Brian Walshe told police he last saw his wife the morning of January 1 when she left for a work trip to Washington, DC, according to a police affidavit. The husband said he spent the rest of the day running errands for his mother and spent time on January 2 with his kids.

However, prosecutors say there is no evidence Ana Walshe took her usual rideshare or taxi to the airport, or that she took a flight or arrived in Washington. Her phone also pinged near the couple’s home overnight on January 1 into January 2.

Additionally, investigators allege Brian Walshe never ran errands for his mother on New Year’s Day and say he took an undisclosed trip to Home Depot on January 2, where prosecutors say he spent about $450 on cleaning supplies, including mops, a bucket and tarps.

On January 4, Ana Walshe’s employer, real estate company Tishman Speyer, called the police to report her missing, according to investigators.
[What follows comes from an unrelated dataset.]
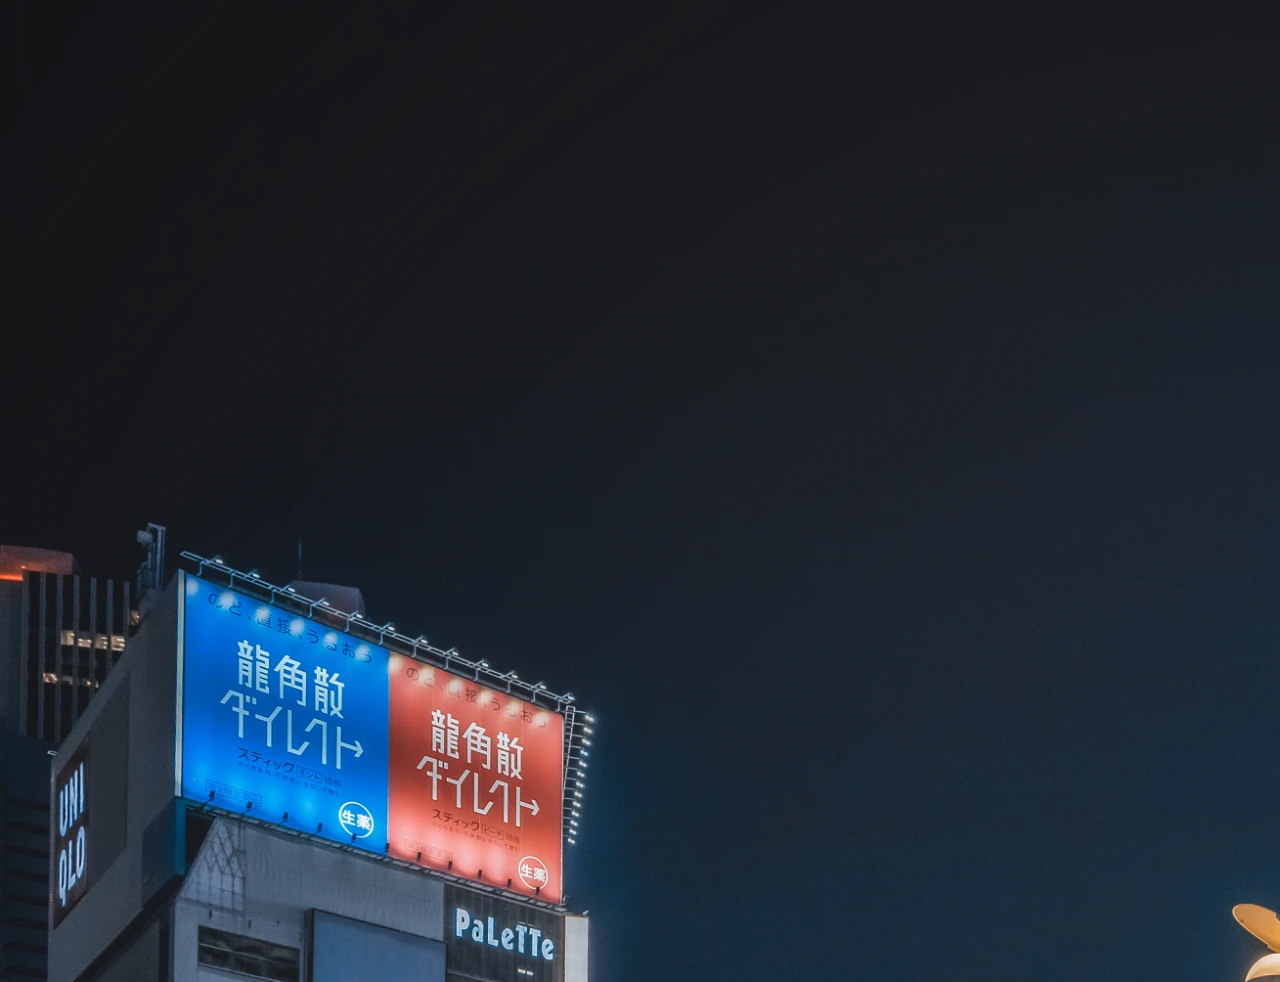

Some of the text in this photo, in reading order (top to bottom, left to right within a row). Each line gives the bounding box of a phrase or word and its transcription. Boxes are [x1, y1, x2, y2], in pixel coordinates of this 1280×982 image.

A Cohasset police log says, “Company has contacted the husband. He has not filed a police report.”

Brian Walshe called his wife’s workplace before they reported her missing to say he hadn’t heard from his wife, defense attorney Miner has said.

Items collected when investigators conducted searches north of Boston were sent to be tested as potential evidence, the Norfolk district attorney has said, declining to provide details.

Investigators found a hacksaw, torn cloth and apparent bloodstains at a Boston-area trash collection site, law enforcement sources have told CNN.

A bloody knife and blood stains were also found in the couple’s basement, prosecutor Lynn Beland said.

Brian Walshe appears in court on January 9 on a charge of misleading investigators.

The charges against Brian Walshe in his wife’s disappearance are the latest in a string of legal troubles for the husband.

In 2021, he pleaded guilty to three federal fraud charges related to a scheme to sell fake Andy Warhol art online. He was placed under house arrest as he awaits sentencing and was required to get approval to leave his house for specific activities at specific times.

Investigators allege Walshe took several unapproved trips the week after his wife disappeared that could be violations of the terms of his house arrest, a police affidavit says.

Additionally, a police report obtained by CNN shows Ana Walshe reported someone threatened to “kill (her) and her friend” in 2014. Brian Walshe was the person involved in the report, a spokesperson for the Washington DC Metropolitan Police Department confirmed.

The case was closed because the victim refused to cooperate with the prosecution, police said.

In 2019, a relative and family friends also painted Walshe as a violent and untrustworthy person during a legal battle over his father’s estate. Two friends of Brian Walshe’s father accused Walshe of financial misconduct and said he is “a sociopath,” according to affidavits filed in the case.